The statute reads as follows:

“On an appeal, the court must give judgment without regard to technical errors or defects, or to exceptions which do not affect the substantial rights of the parties.” (Gen. Stat. 1915, § 8215.)

In the case of The State v. Fleeman, 102 Kan. 670, 171 Pac. 618, the court said:

“The code of criminal procedure was framed to supersede the common law with a more rational system. While it is defective in many respects, and in many others exhibits a conservatism which contrasts strongly with its general liberality, it is distinctively modern. The tradition of the common law, however, was so strong that it came near superseding the code. In time the code was rediscovered, and it is the purpose of the court to interpret and apply it according to its true intent and spirit.” (p. 677.)

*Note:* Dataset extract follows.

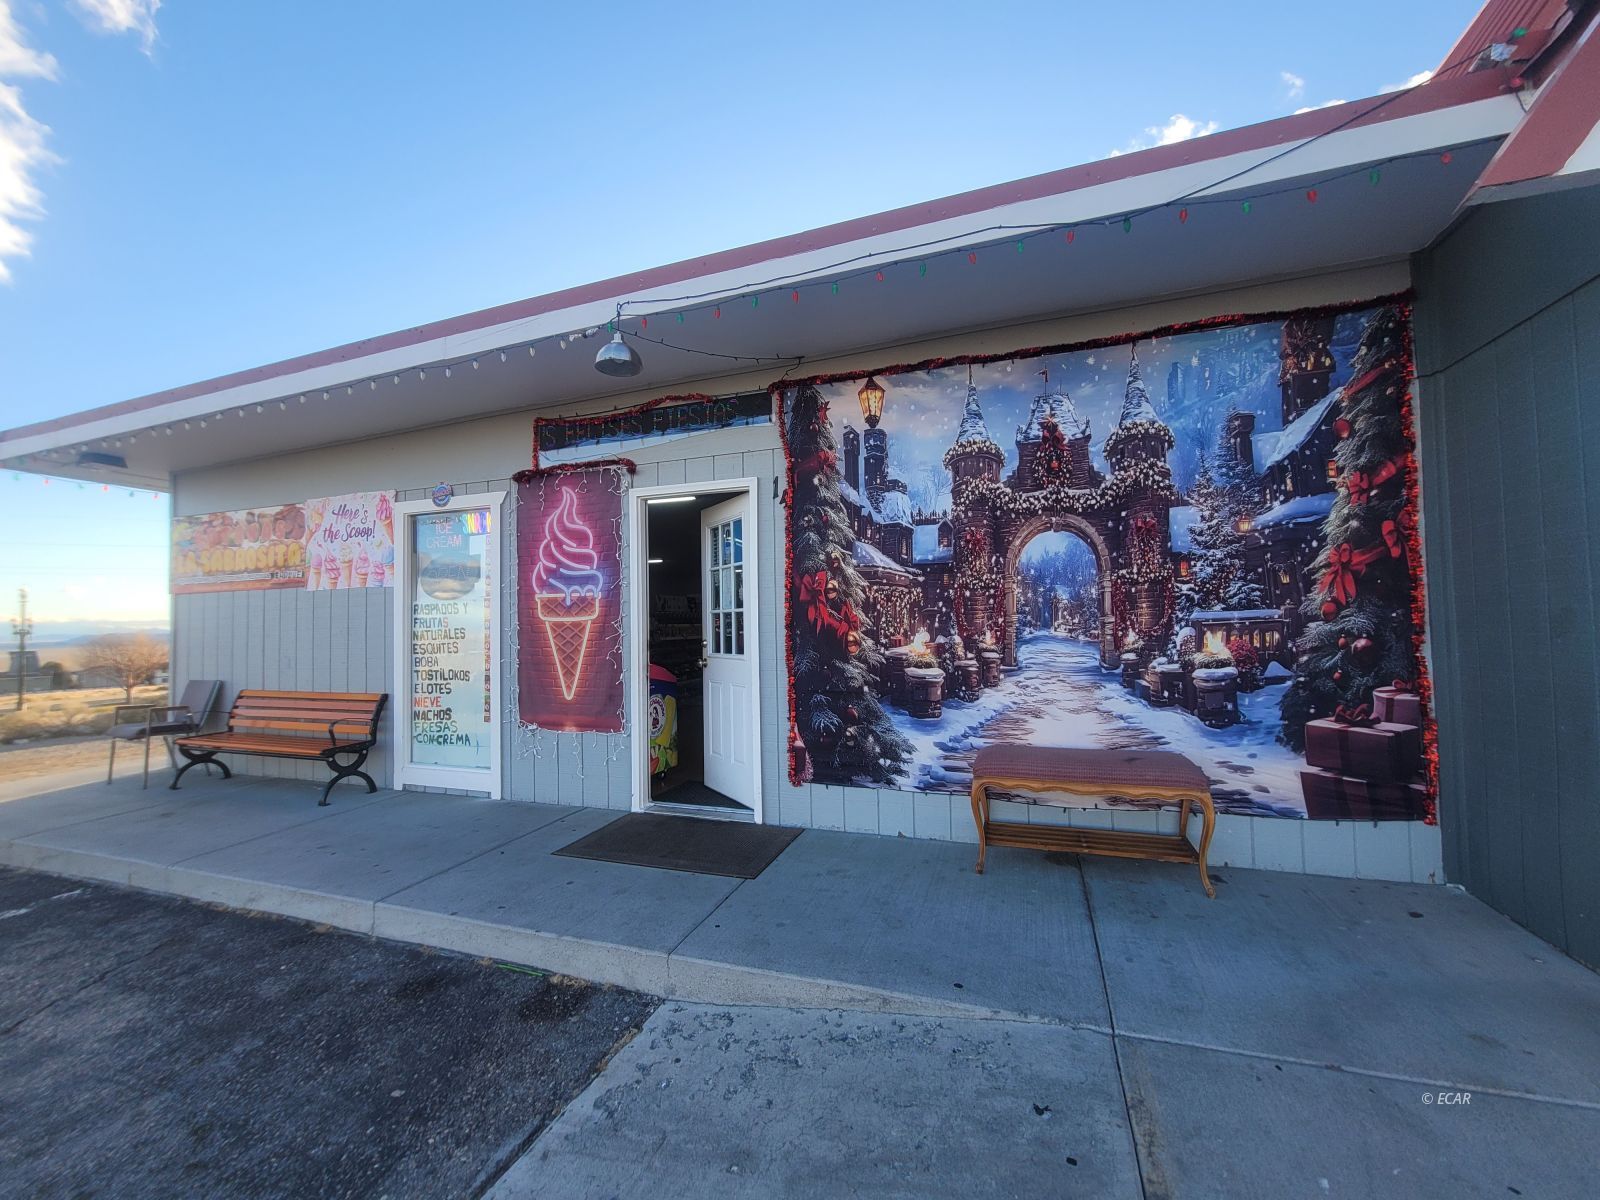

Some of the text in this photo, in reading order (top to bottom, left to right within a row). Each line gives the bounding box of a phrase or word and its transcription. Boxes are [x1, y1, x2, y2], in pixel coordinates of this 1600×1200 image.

*809Formerly, violation of some positive provision of a statute, such as .comment by the county attorney on failure of the defendant to testify, or reception by the jury during its deliberations of unauthorized evidence, required reversal. True to common-law tradition, the court did not inquire beyond the fact. Since rediscovery of the criminal code, this is no longer true. It must appear that a substantial right was prejudicially affected. (The State v. Peterson, 102 Kan. 900, 171 Pac. 1153; The State v. Farrar, 103 Kan. 774, 176 Pac. 987.) The same is true of misconduct of the-jury. Formerly, misconduct required reversal. Then it was said the state must show no prejudice resulted. Now, the court will examine into the matter and, in the absence of a specific showing by the state of no prejudice, the court will not reverse, unless it is able to say the misconduct was such that harm to the defendant naturally would and probably did result. It is not possible to make such a declaration from the meager showing contained in the affidavit presented in support of the motion for a new trial.

The judgment of the district court is affirmed.

HopiciNS, J., not sitting.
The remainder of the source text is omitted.